_Dataset records_

○ ○ ○ ○ ○

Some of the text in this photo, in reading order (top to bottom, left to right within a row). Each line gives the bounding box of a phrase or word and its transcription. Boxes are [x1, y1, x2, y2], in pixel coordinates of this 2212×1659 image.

○ ○ ○ ○ ○

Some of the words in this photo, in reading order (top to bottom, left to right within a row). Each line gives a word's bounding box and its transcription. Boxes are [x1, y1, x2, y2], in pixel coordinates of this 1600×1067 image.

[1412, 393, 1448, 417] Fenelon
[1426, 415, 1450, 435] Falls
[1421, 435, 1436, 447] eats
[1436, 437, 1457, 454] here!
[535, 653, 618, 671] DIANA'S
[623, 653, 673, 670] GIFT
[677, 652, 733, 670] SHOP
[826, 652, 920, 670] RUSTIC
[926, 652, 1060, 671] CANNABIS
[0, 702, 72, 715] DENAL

○ ○ ○ ○ ○

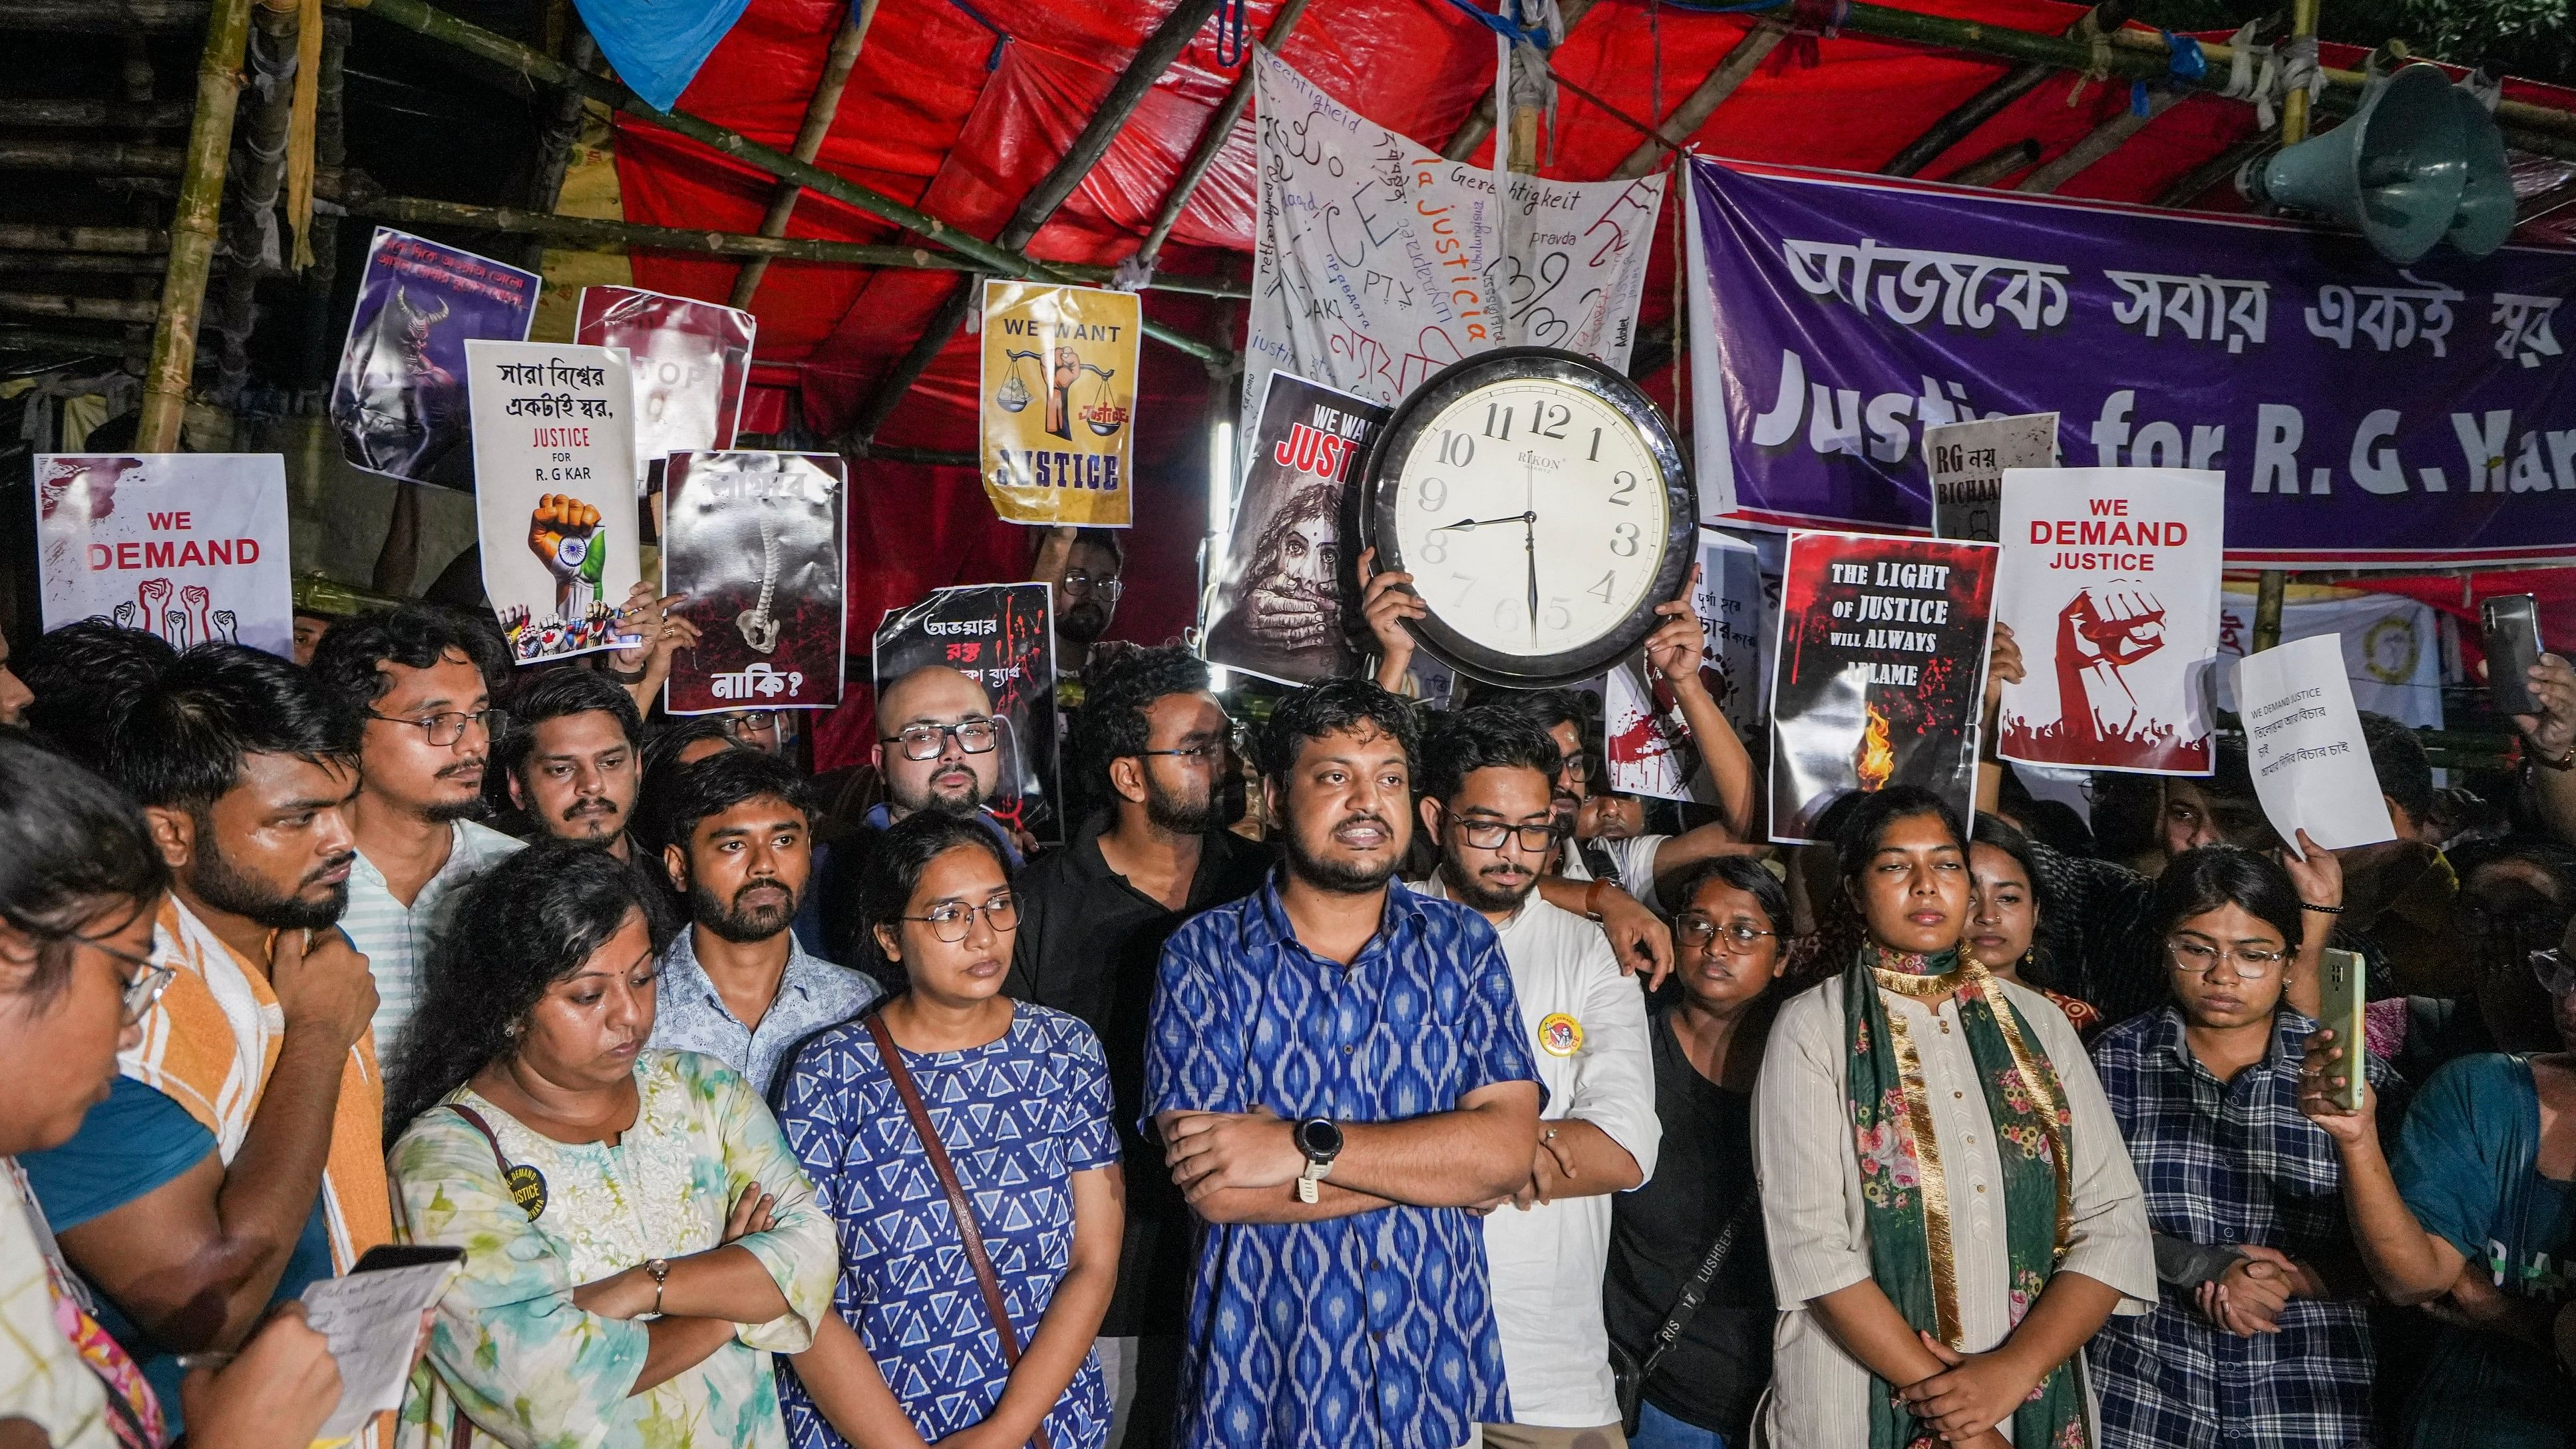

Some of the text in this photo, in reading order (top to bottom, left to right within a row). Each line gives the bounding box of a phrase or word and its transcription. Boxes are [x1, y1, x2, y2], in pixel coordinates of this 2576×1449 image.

○ ○ ○ ○ ○

_What to produce_
Tally up the lines in the records that contain the word "phrase" and give only the total.

_Solution for this problem_
2